オファーPC オゾ・ウトウ(crce4304)ツーリスト 男 27歳 元メンテナンス作業員

<ノベル>

 おばあちゃん先生、とオゾ・ウトウは呼びかける。
 名は、ヤグナといった。オゾの大叔母に当たるそうだ。
 子ども達にちょっとした手習いや、術の基礎を教えていたため、大叔母としてではなく先生として触れ合うことの方が多かった。
 そのため、オゾも自然と「おばあちゃん先生」と呼んでいた。
「なんだい、オゾ」
 初老の婦人は、そう言って静かに微笑む。返ってきた言葉に、オゾはほっと息をつく。いつもと変わらぬ表情と声が、安心感を与える。
「聞きたいことがあるんだけれど」
 オゾが言うと、ヤグナは一つ頷き、家の中へと招き入れてくれた。
 ヤグナの家は、不思議なもので溢れている。様々な道具や書物が、至る所に並んでいた。だがしかし、雑然としているように見えても、なんとなく整っていた。
 ヤグナにしか分からぬ、何らかのルールでもあるのかもしれない。
「ほれ」
 こと、と音をさせ、温かな茶をオゾの前に置いた。ふわりと湯気から香るのは、匂い慣れた薬草茶だ。

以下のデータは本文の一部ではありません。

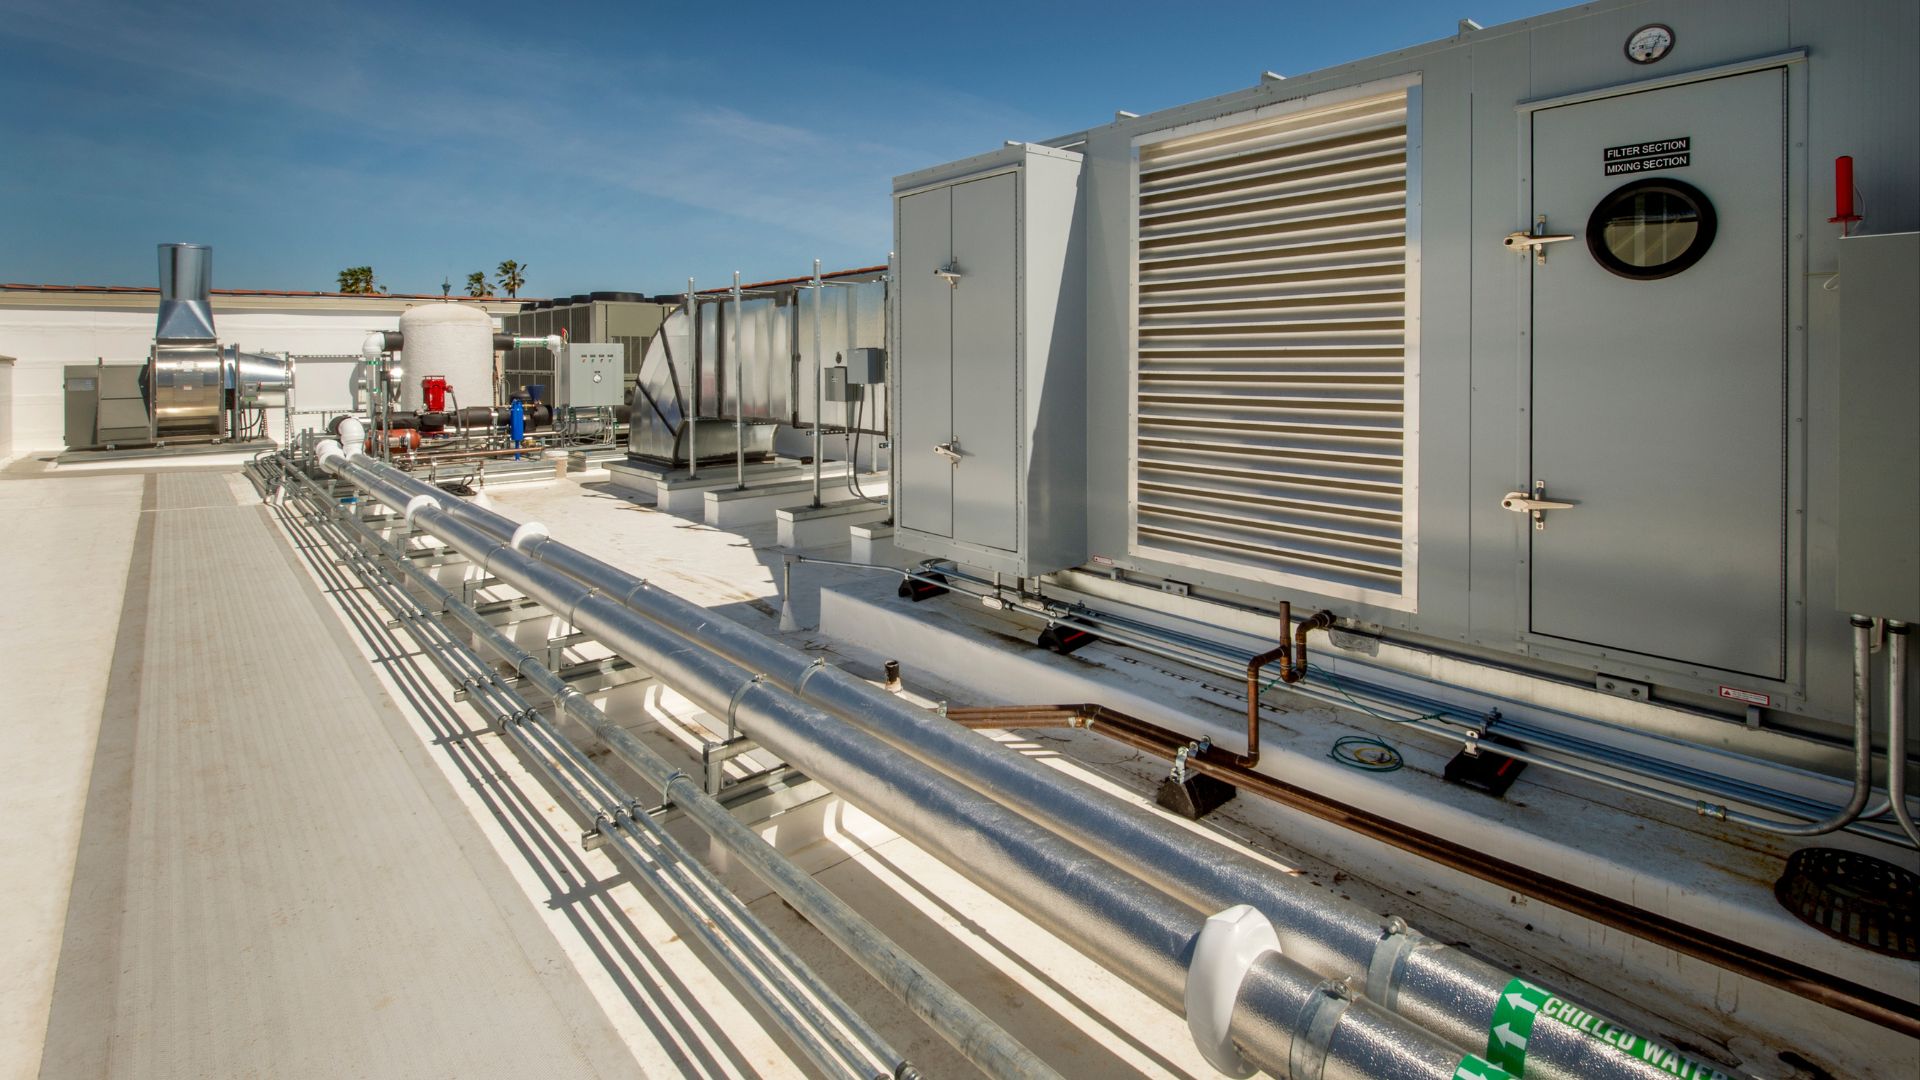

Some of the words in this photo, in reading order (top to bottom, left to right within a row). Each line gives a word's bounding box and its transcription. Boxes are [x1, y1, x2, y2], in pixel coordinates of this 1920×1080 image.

「珍しいね、オゾ。そんなに切羽詰ったような顔をするなんて」
「そう見える?」
 オゾの問いに、ヤグナは静かに微笑んだ。
「おばあちゃん先生は、色んな事を知ってるんだよね?」
「全てではないけれどね」
 ヤグナは謙遜するが、オゾが知る中で一番の物知りで、多芸であった。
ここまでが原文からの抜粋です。